» Goal of the exercise: What follows is a set of entries. Give them again exactly, without the pictures.

Dataset items:
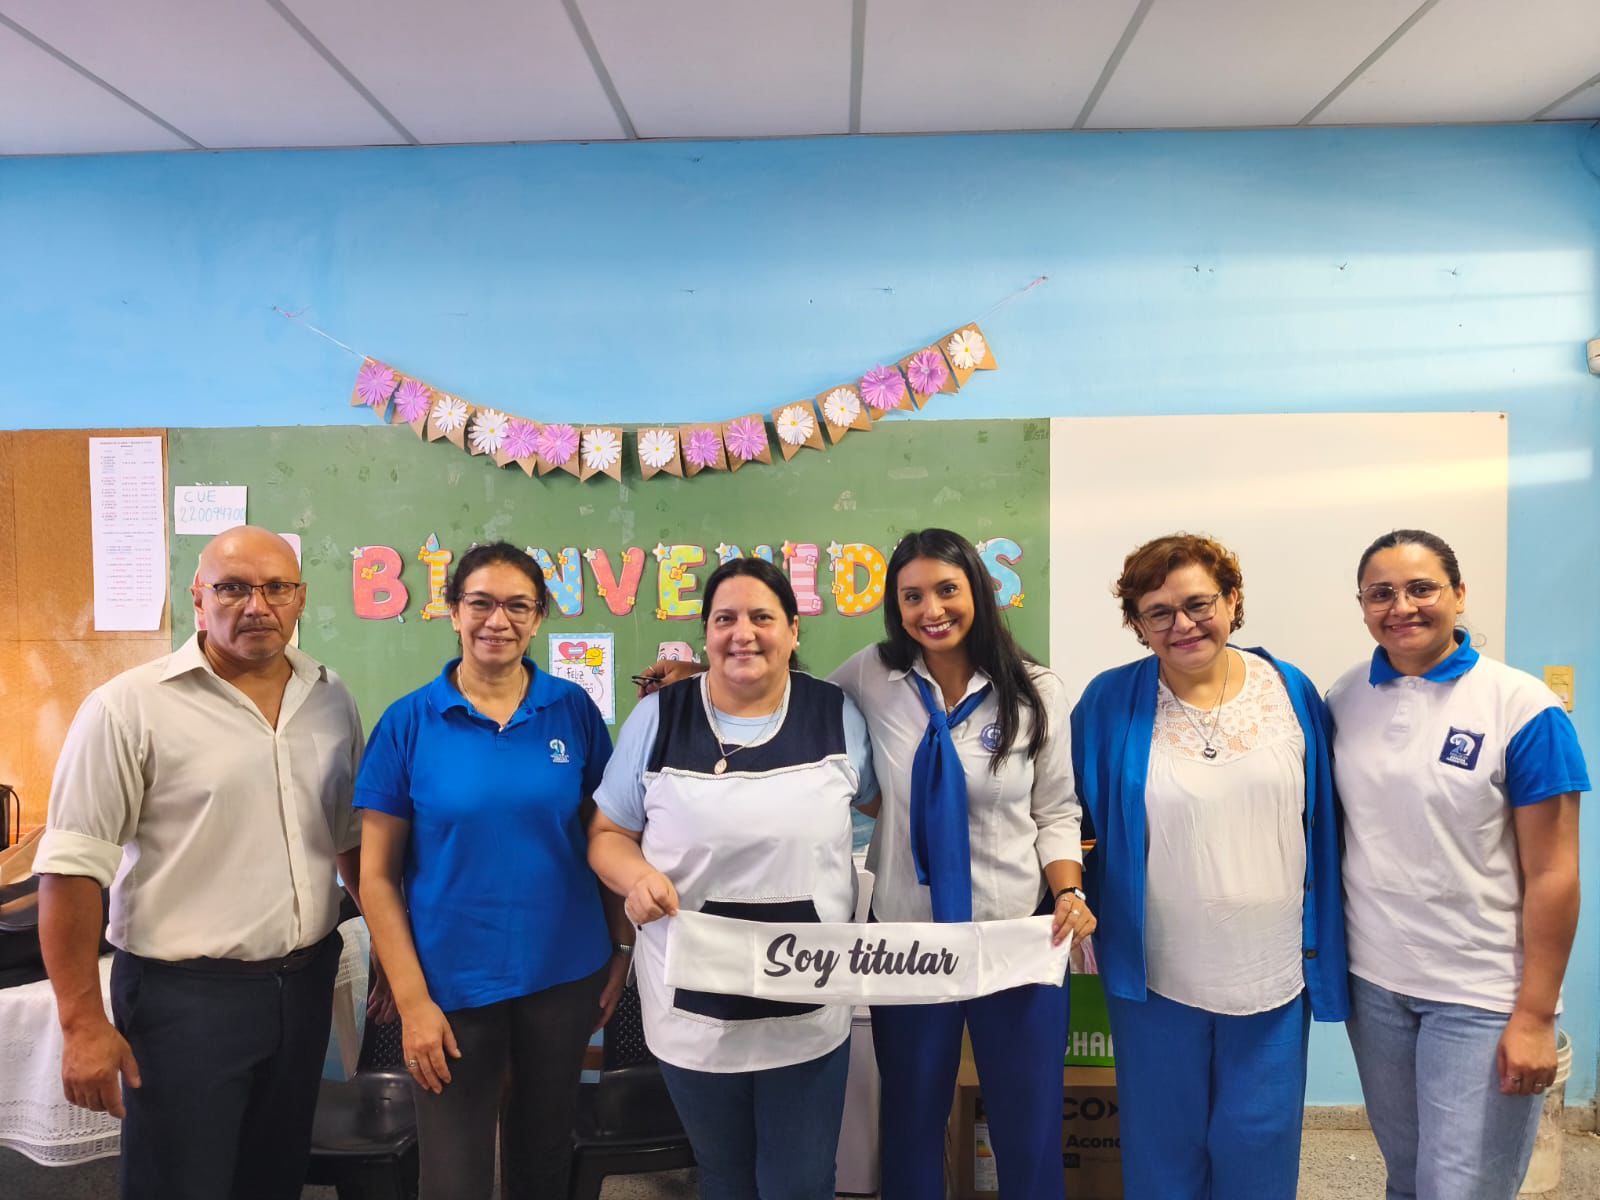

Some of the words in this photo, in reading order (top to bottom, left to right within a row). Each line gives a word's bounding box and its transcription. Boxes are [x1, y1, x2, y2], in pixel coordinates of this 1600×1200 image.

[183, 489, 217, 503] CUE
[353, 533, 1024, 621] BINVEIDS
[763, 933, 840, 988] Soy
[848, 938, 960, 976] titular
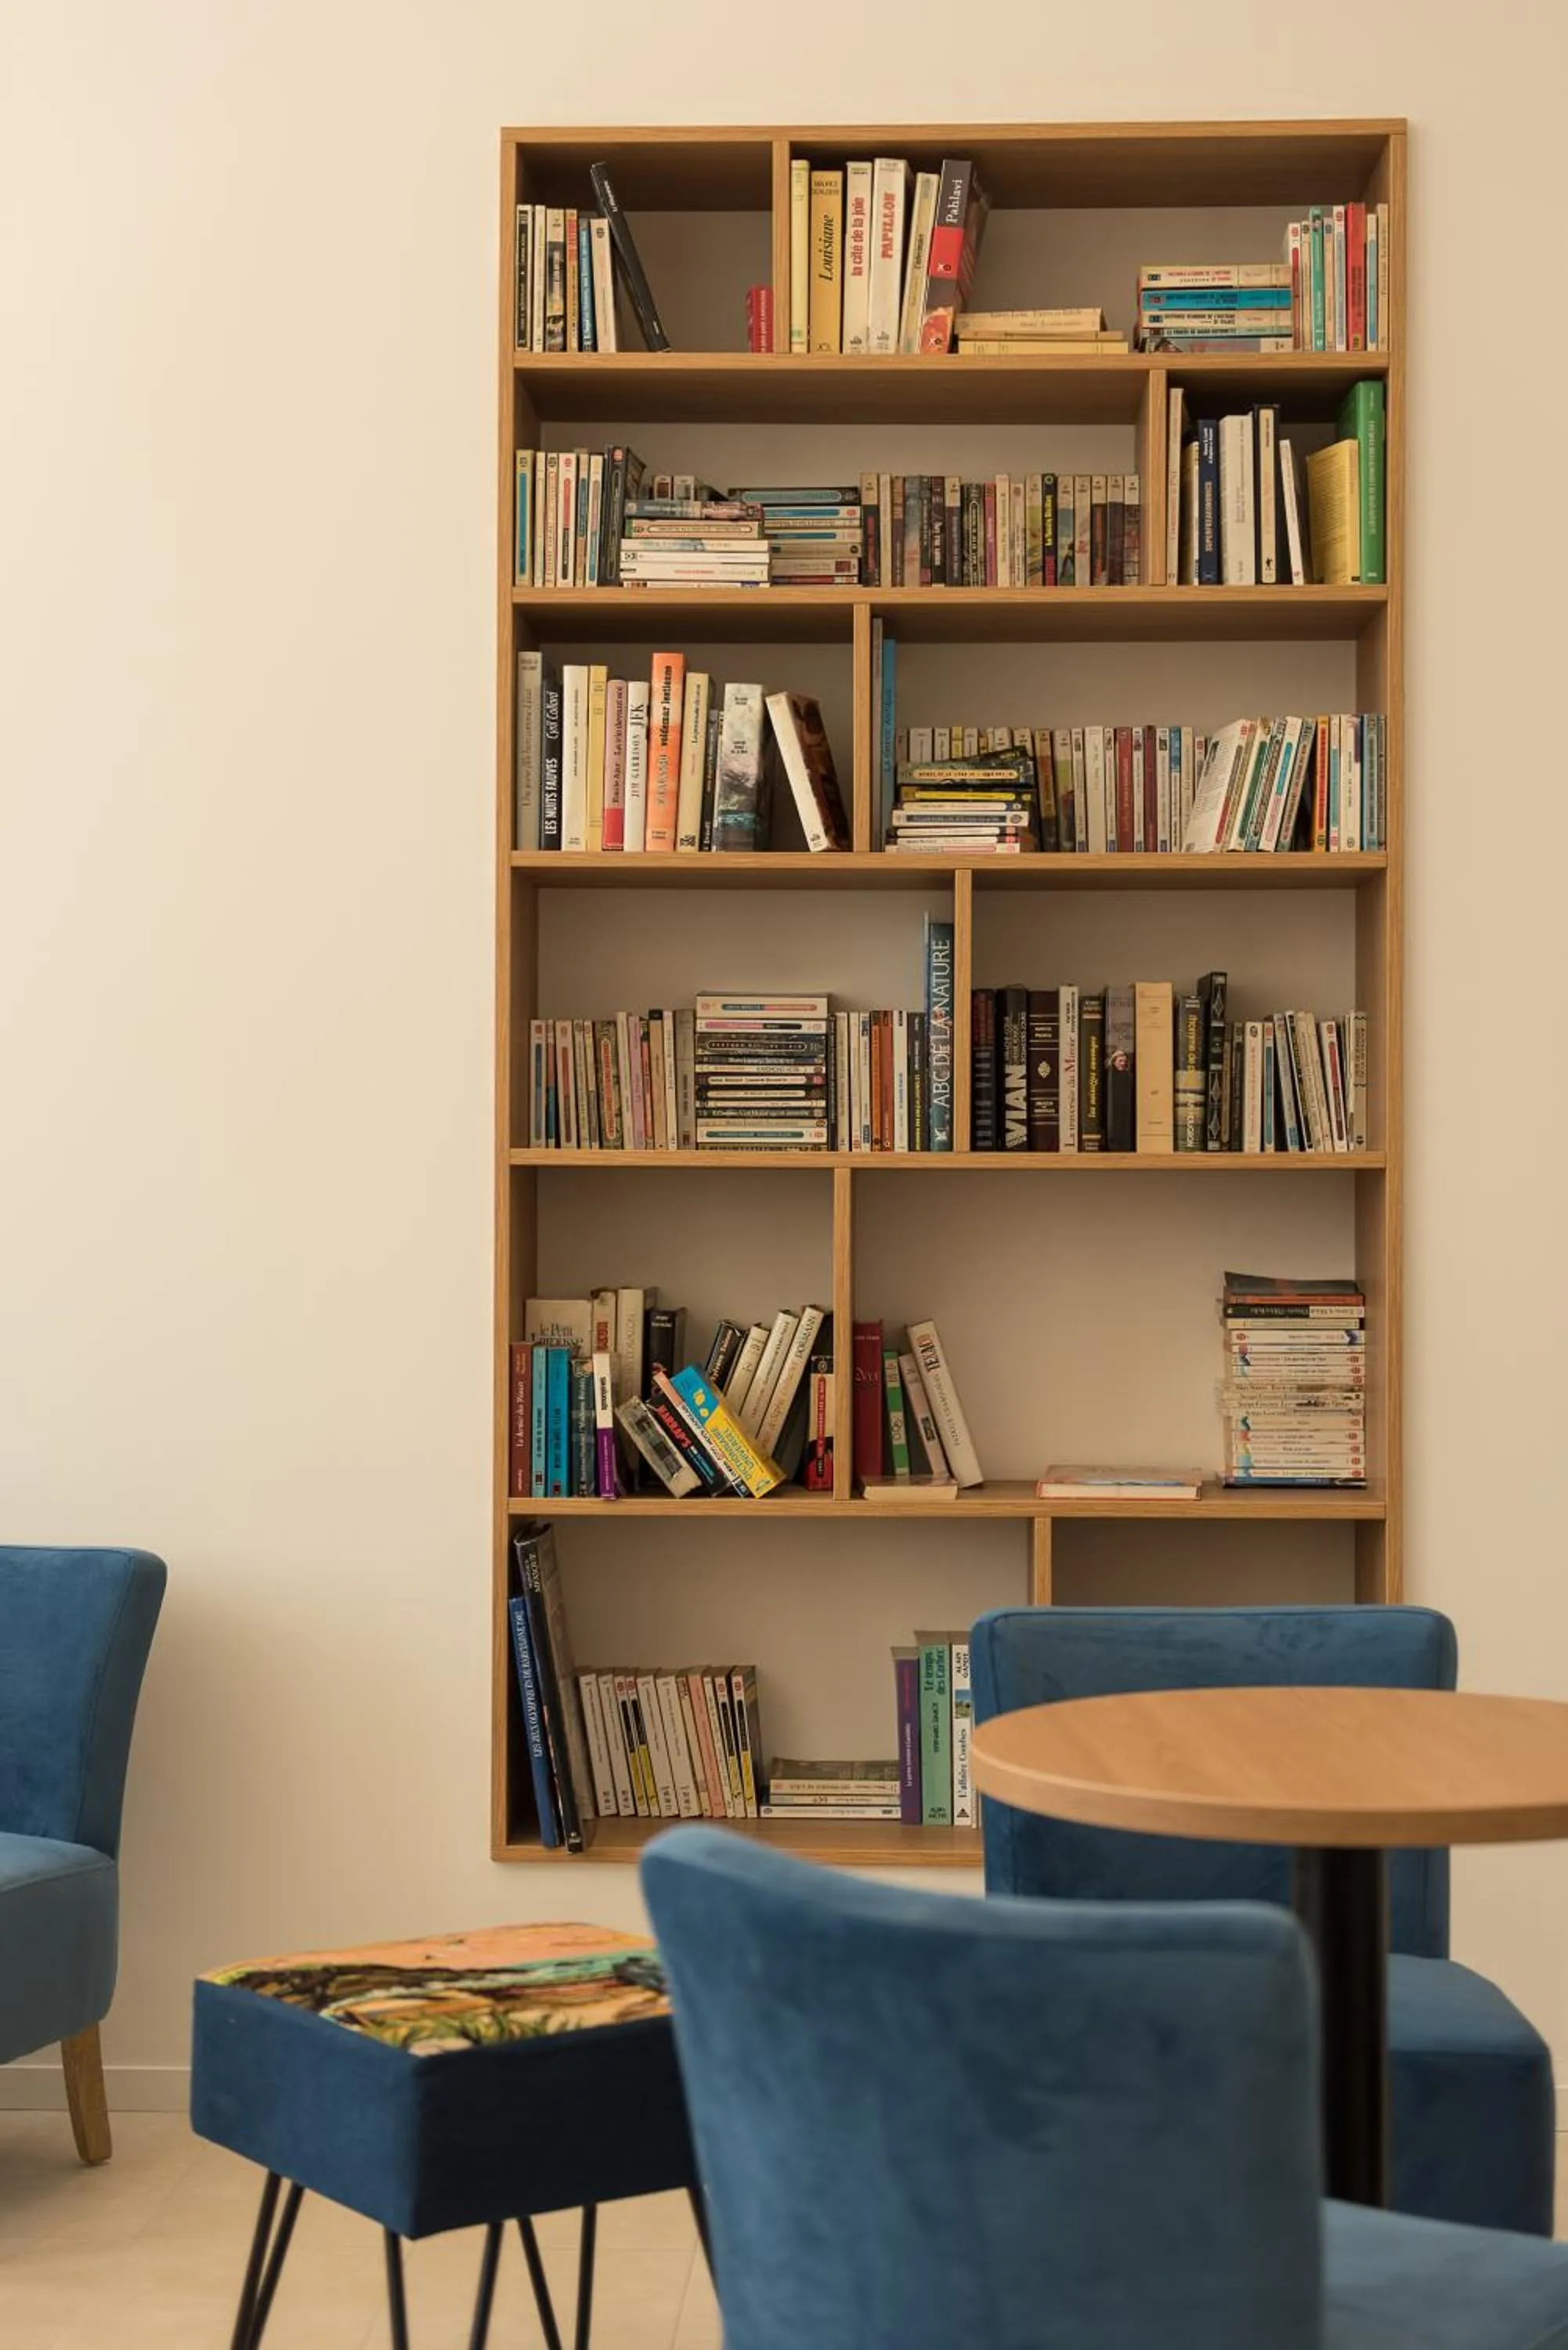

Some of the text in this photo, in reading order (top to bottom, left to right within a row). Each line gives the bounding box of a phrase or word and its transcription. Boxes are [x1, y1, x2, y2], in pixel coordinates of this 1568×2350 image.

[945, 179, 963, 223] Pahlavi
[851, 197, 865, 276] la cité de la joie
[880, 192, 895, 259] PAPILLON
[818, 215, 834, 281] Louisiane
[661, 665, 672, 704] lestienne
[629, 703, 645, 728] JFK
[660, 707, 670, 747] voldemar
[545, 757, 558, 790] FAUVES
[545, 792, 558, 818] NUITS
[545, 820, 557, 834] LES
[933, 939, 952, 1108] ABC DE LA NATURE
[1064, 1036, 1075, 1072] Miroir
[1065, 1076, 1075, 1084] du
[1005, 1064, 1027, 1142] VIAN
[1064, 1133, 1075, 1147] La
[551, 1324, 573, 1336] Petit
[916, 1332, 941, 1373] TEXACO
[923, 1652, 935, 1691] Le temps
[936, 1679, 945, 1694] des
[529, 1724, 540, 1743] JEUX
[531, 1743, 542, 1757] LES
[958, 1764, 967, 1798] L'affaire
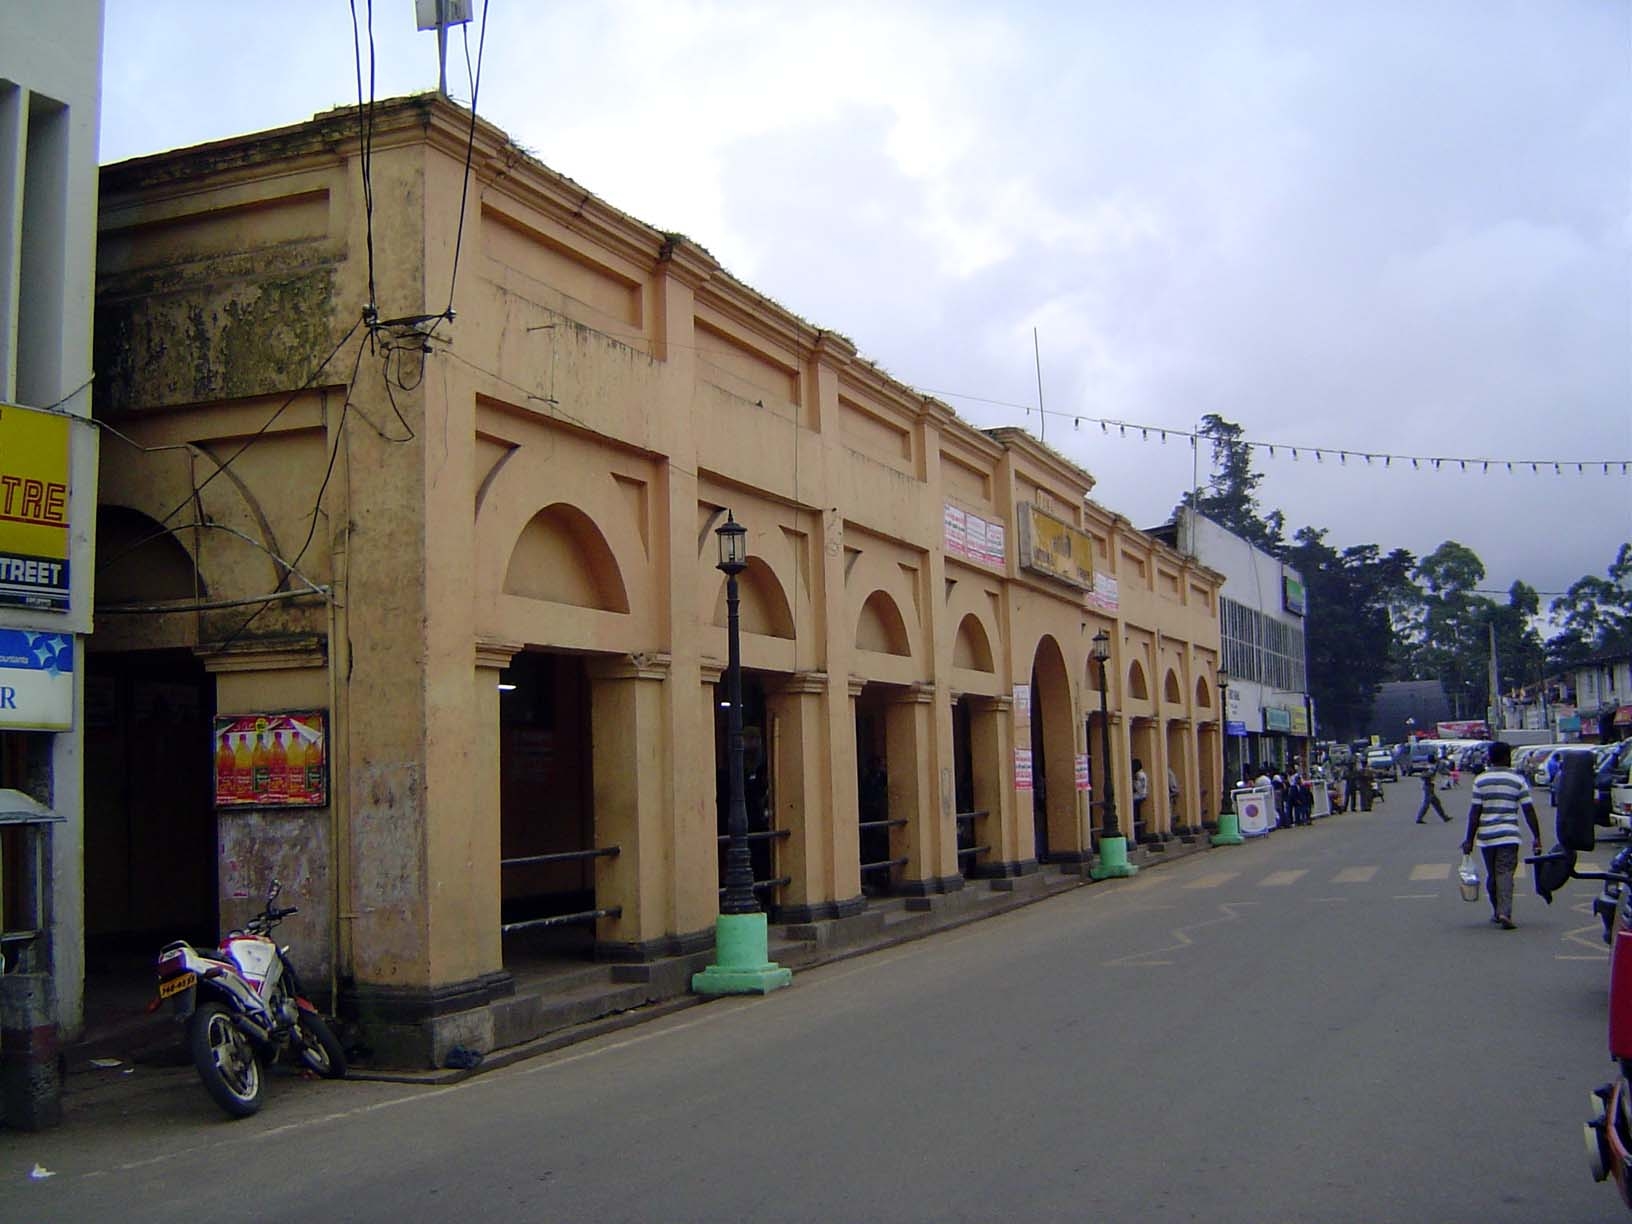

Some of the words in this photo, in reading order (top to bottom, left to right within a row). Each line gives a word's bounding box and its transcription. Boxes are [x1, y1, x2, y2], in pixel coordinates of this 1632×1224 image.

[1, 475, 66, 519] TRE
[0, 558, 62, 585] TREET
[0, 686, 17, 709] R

» Result for this exercise:
Some of the words in this photo, in reading order (top to bottom, left to right within a row). Each line gives a word's bounding box and its transcription. Boxes are [x1, y1, x2, y2], in pixel coordinates of this 1600×1200 image.

[183, 489, 217, 503] CUE
[353, 533, 1024, 621] BINVEIDS
[763, 933, 840, 988] Soy
[848, 938, 960, 976] titular

Some of the text in this photo, in reading order (top to bottom, left to right within a row). Each line gives the bounding box of a phrase or word and its transcription. Boxes are [x1, y1, x2, y2], in pixel coordinates of this 1568×2350 image.

[945, 179, 963, 223] Pahlavi
[851, 197, 865, 276] la cité de la joie
[880, 192, 895, 259] PAPILLON
[818, 215, 834, 281] Louisiane
[661, 665, 672, 704] lestienne
[629, 703, 645, 728] JFK
[660, 707, 670, 747] voldemar
[545, 757, 558, 790] FAUVES
[545, 792, 558, 818] NUITS
[545, 820, 557, 834] LES
[933, 939, 952, 1108] ABC DE LA NATURE
[1064, 1036, 1075, 1072] Miroir
[1065, 1076, 1075, 1084] du
[1005, 1064, 1027, 1142] VIAN
[1064, 1133, 1075, 1147] La
[551, 1324, 573, 1336] Petit
[916, 1332, 941, 1373] TEXACO
[923, 1652, 935, 1691] Le temps
[936, 1679, 945, 1694] des
[529, 1724, 540, 1743] JEUX
[531, 1743, 542, 1757] LES
[958, 1764, 967, 1798] L'affaire

Some of the words in this photo, in reading order (top to bottom, left to right within a row). Each line gives a word's bounding box and its transcription. Boxes are [x1, y1, x2, y2], in pixel coordinates of this 1632×1224 image.

[1, 475, 66, 519] TRE
[0, 558, 62, 585] TREET
[0, 686, 17, 709] R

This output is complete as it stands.